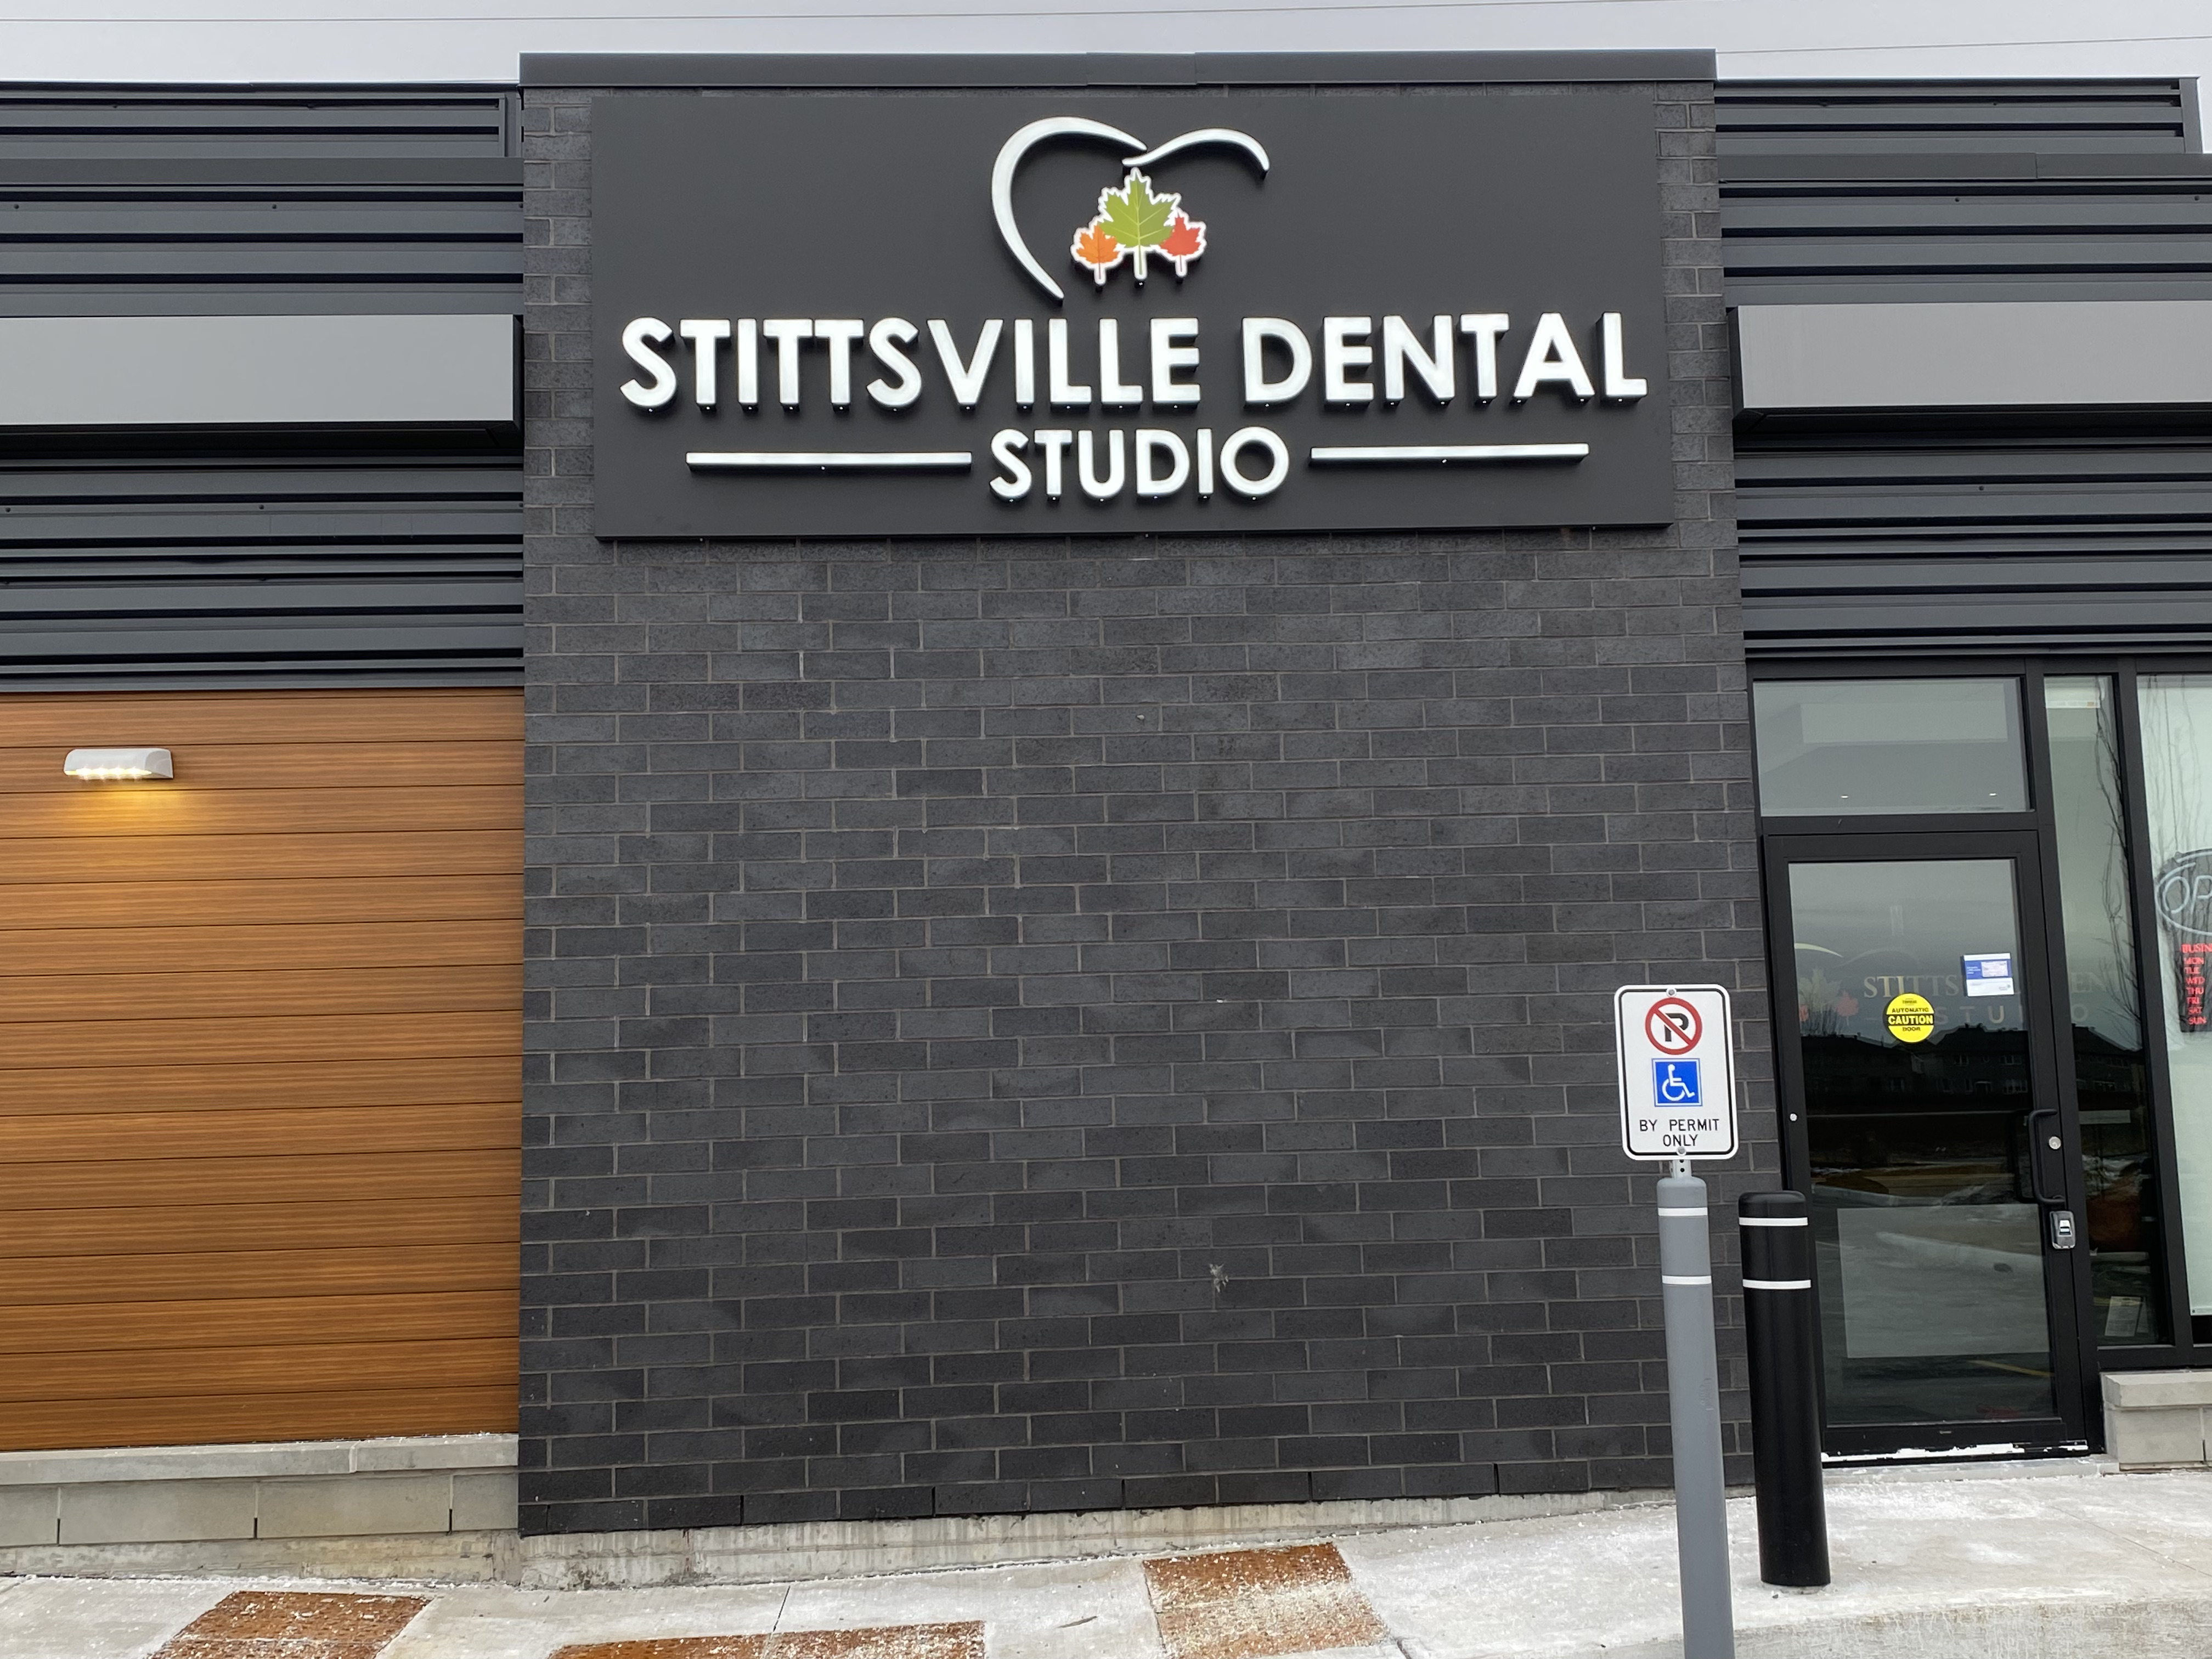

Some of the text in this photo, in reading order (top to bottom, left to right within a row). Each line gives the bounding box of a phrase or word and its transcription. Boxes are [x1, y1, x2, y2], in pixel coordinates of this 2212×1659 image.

[620, 312, 1647, 408] STITTSVILLE DENTAL
[990, 426, 1289, 500] STUDIO
[2185, 977, 2205, 985] WED
[1888, 1014, 1933, 1025] CAUTION
[2188, 1017, 2207, 1025] SUN
[1639, 1119, 1720, 1132] BY PERMIT
[1663, 1134, 1699, 1147] ONLY
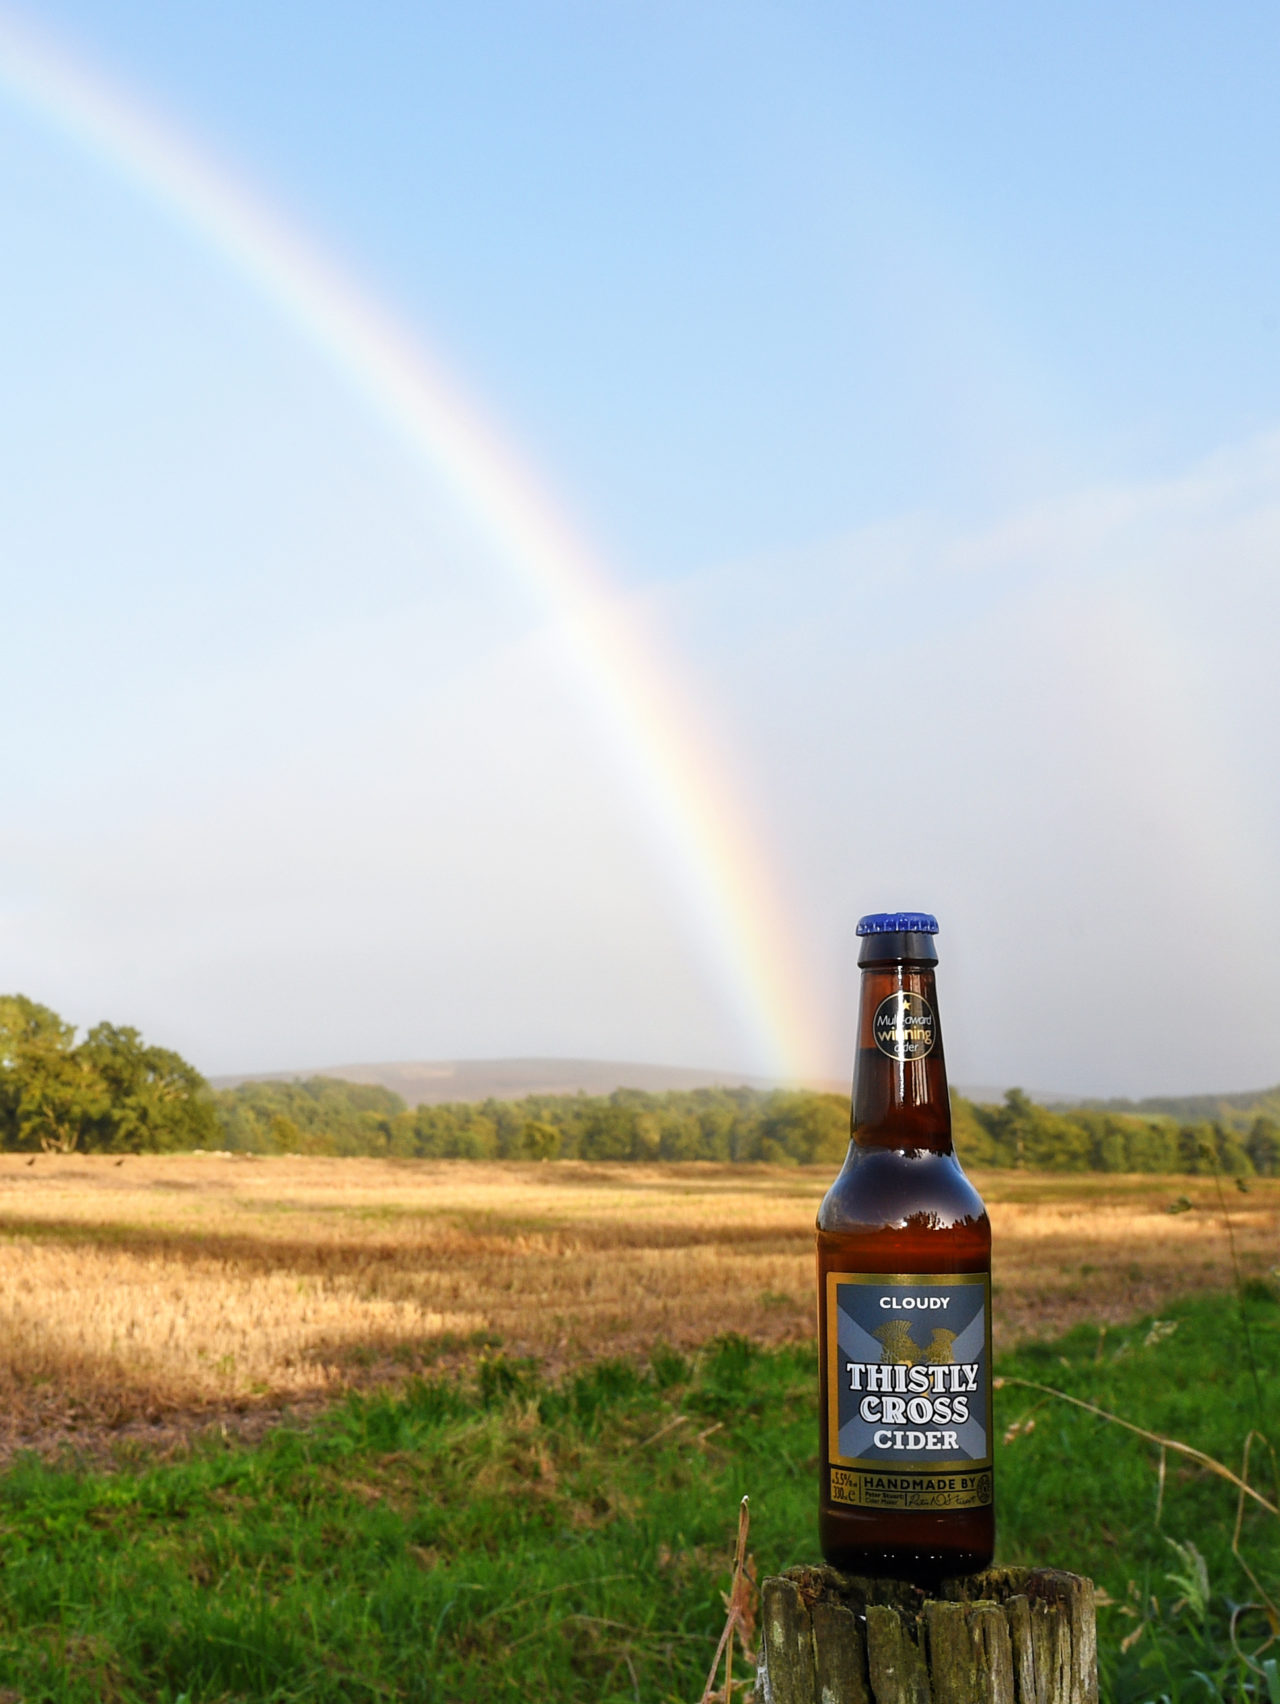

·····

YOUR GOAL — Write out the whole of the data exactly; the pictures stay out.

TASK ANSWER —
Some of the text in this photo, in reading order (top to bottom, left to right within a row). Each line gives the bounding box of a phrase or word and its transcription. Boxes are [x1, y1, x2, y2], in pixel coordinates of this 2212×1659 image.

[620, 312, 1647, 408] STITTSVILLE DENTAL
[990, 426, 1289, 500] STUDIO
[2185, 977, 2205, 985] WED
[1888, 1014, 1933, 1025] CAUTION
[2188, 1017, 2207, 1025] SUN
[1639, 1119, 1720, 1132] BY PERMIT
[1663, 1134, 1699, 1147] ONLY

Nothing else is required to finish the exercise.